Run, Lola Run deals with chance, randomness and the consequences surrounding what tends to be depicted linearly: the mere action of running. Widely symbolical, the film has been regarded as an allegory of the Butterfly Effect.

Set upon a postmodern real-time frame, Run, Lola Run follows the three races of Lola (Franka Potente in perhaps her most memorable role) as she tries, in twenty minutes, to get the 100,000 Deutschmarks her boyfriend has lost before his boss kills him.

 

15. Don’t Look Now (Nicolas Roeg, 1973)

dont-look-now

As one of the most influential British films ever made, Don’t Look Now is a heartrending depiction of grief and loss.
The film immediately overcame the thriller canons of its time with its invigorating editing, impressionist cuts and shocking exploitation of flashbacks and flashforwards.

From Horror to major Drama titles, the influence of Don’t Look Now can be easily traced. The nearly obsessive admiration surrounding it is a common element among major Cinema names.

 

14. Once Upon a Time in America (Sergio Leone, 1984)

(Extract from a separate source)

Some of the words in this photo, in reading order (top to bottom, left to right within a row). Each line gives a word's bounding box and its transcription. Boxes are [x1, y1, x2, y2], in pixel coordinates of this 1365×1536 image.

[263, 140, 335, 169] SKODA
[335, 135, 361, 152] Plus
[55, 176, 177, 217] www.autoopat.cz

once upon a time in america

Sergio Leone’s epic crime drama Once Upon a Time in America is perhaps his most ambitious project. Though widely hailed at 1984 Cannes Film Festival, the film suffered multiple cuts that unavoidably affected its overall appreciation.

Among other things, those cuts were carried against Leone’s wishes to make the film more accessible to the audiences. As a result, its non-chronological sequences and flashbacks were rearranged and thus, the film’s complexity was weakened.

 

13. Intolerance (D. W. Griffith, 1916)

intolerance-1916

Intolerance was D.W. Griffith’s answer to the controversy brought by his masterpiece The Birth of a Nation.

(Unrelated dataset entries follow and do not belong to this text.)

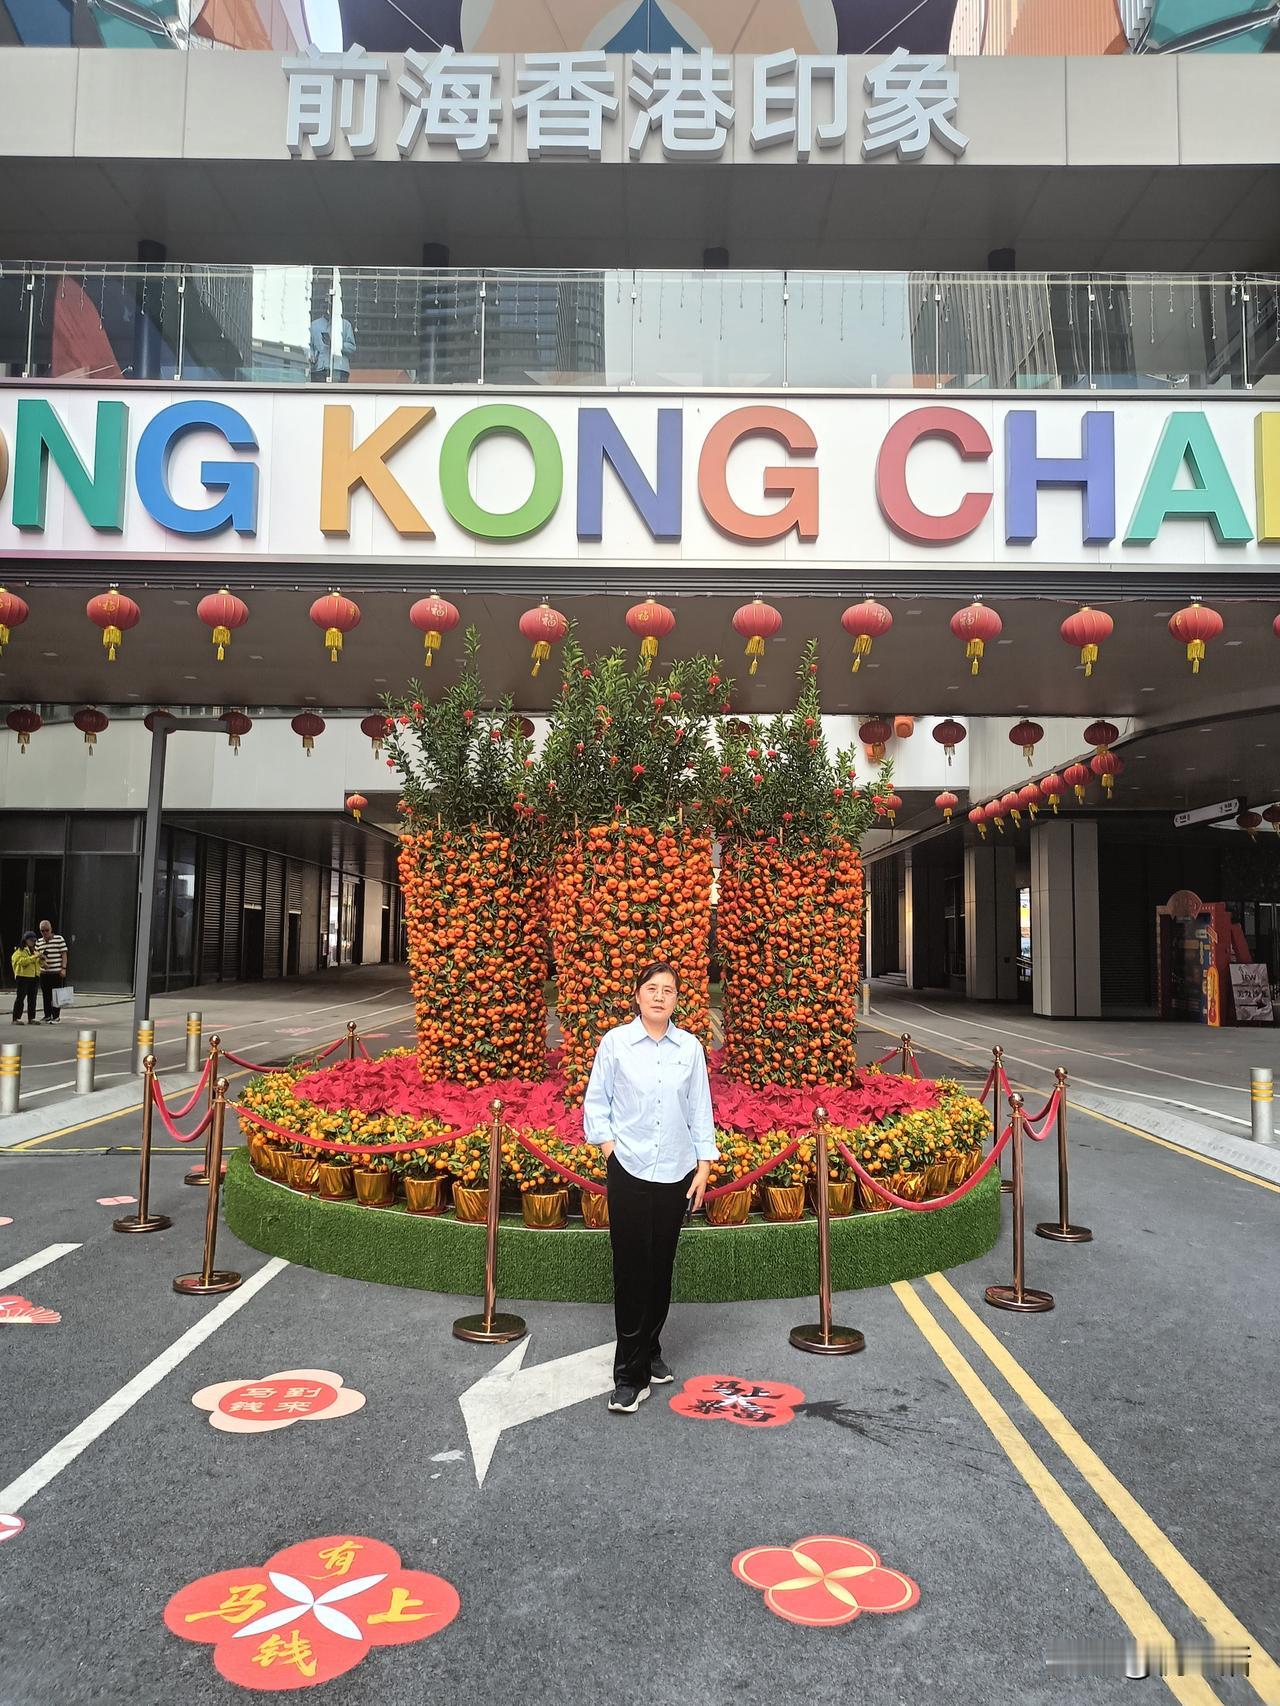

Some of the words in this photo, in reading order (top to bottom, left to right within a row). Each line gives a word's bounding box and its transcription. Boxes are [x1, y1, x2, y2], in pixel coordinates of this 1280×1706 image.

[281, 43, 970, 162] 前海香港印象
[0, 399, 260, 538] NG
[320, 404, 819, 546] KONG
[876, 406, 1280, 546] CHA
[239, 1387, 323, 1399] 马到
[304, 1540, 364, 1581] 有
[184, 1583, 268, 1624] 马
[366, 1587, 442, 1625] 上
[251, 1629, 318, 1677] 钱

Along with The Birth of a Nation, Intolerance was ground-breaking for the language of Cinema. Griffith’s conscious experimentation with narrative and times influenced subsequent major European and American productions and is currently regarded as a major achievement of the Silent Era.

Intolerance is an epic anthology of four stories of intolerance synchronized by the figure of Eternal Motherhood: the Passion of the Christ, St. Bartholomew’s Day massacre, a contemporary workers’ strike and the fall of Babylon.

 

12. The Mirror (Andrei Tarkovsky, 1975)

The Mirror

Among Tarkovsky’s modernist bets to a seemingly random chronological sequence, The Mirror is his most personal work. An openly autobiographical exercise, the film is a dream-like depiction of his impressions about the tumultuous 20th-century Russia.

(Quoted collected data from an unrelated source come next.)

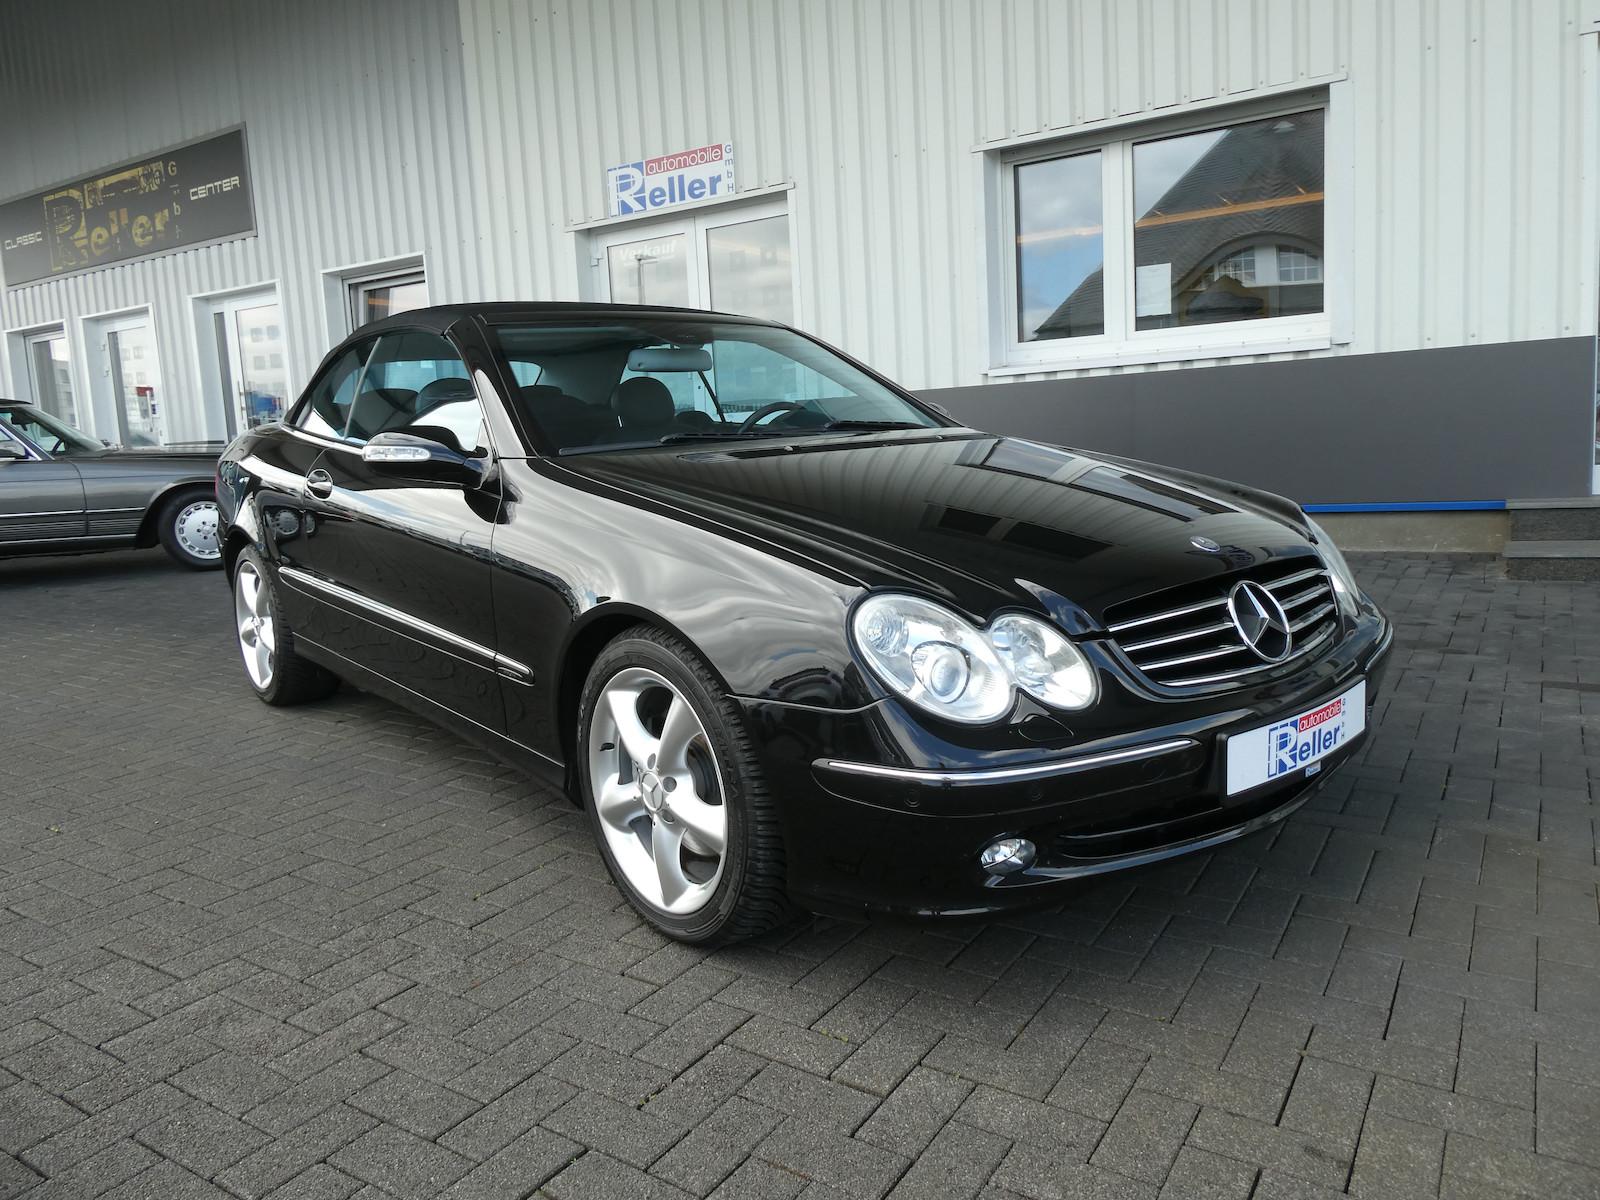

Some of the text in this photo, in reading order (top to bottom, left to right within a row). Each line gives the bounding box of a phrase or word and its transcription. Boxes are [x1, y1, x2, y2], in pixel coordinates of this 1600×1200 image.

[646, 147, 721, 175] automobile
[724, 144, 734, 193] GmbH
[189, 175, 241, 201] CENTER
[607, 161, 722, 217] Reller
[1299, 701, 1341, 732] automobile
[1267, 718, 1340, 778] Reller

Though widely reputed as a masterpiece of Cinema, The Mirror received accusations due to the privacy of its symbolism. Nevertheless, the beauty of its sequences continues to delight audiences overall.

 

11. Annie Hall (Woody Allen, 1977)

annie-hall

Annie Hall is Allen’s earliest experimentation with nonlinear narratives and a milestone in his filmmaking career.

Annie Hall’s nonlinearity is introduced with the breaking the fourth wall. Though that openly implicates the viewer on the film, it is more interesting how it settles an ideal structure to exhibit the film’s main conflict.

An endearingly neurotic depiction of conflicts surrounding love, relationships and differences, Annie Hall follows how a comedian (based upon Woody Allen himself) ruined his relationship with an actress (Diane Keaton on a role specially designed for her) and how he felt about his incessant failures in relationships.